STING Activation in Various Cell Types in Metabolic Dysfunction‐Associated Steatotic Liver Disease

During the hepatic histological progression in metabolic dysfunction-associated steatotic liver disease (MASLD), the immunological mechanisms play a the pivotal role, especially when progressing to metabolic dysfunction-associated steatohepatitis (MASH). The discovery of the stimulator of interferon genes (STING) marked a significant advancement in understanding the immune system. We searched literature on STING involved in MASLD in PubMed to summarise the role of intrahepatic or extrahepatic STING signal pathways and the potential agonists or inhibitors of STING in MASLD. Besides inflammation and type I interferon response induced by STING activation in the intrahepatic or extrahepatic immune cells, STING activation in hepatocytes leads to protein aggregates and lipid deposition.
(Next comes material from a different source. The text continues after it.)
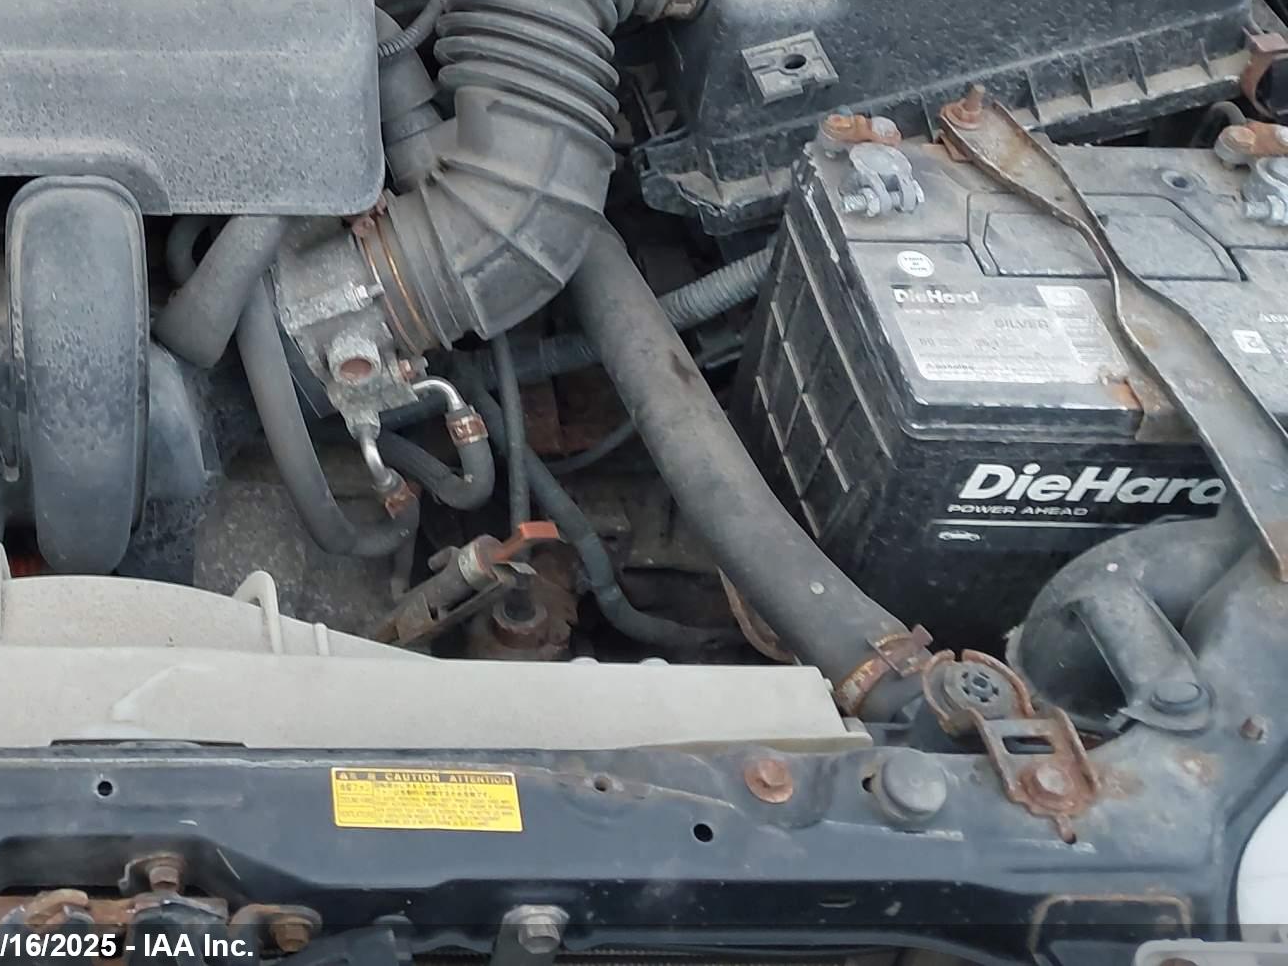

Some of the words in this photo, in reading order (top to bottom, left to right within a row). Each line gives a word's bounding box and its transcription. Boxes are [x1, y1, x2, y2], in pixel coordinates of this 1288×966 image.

STING activation in hepatic macrophages inhibits autophagy in hepatocytes and promotes hepatic stellate cells (HSCs) activation. STING activation in HSCs promotes HSC activation and exacerbates liver sinusoidal endothelial cells (LSECs) impairment. However, it was also reported that STING activation in hepatic macrophages promotes lipophagy in hepatocytes and STING activation in HSCs leads to HSC senescence. STING activation in LSEC, inhibits angiogenesis. For extrahepatic tissue, STING signalling participates in the regulation of the intestinal permeability, intestinal microecology and insulin action in adipocytes, which were all involved in the pathogenesis of MASLD. There're plenty of STING ligands in MASLD. How STING activation affects the intercellular conversation in MASLD deserves thorough investigation.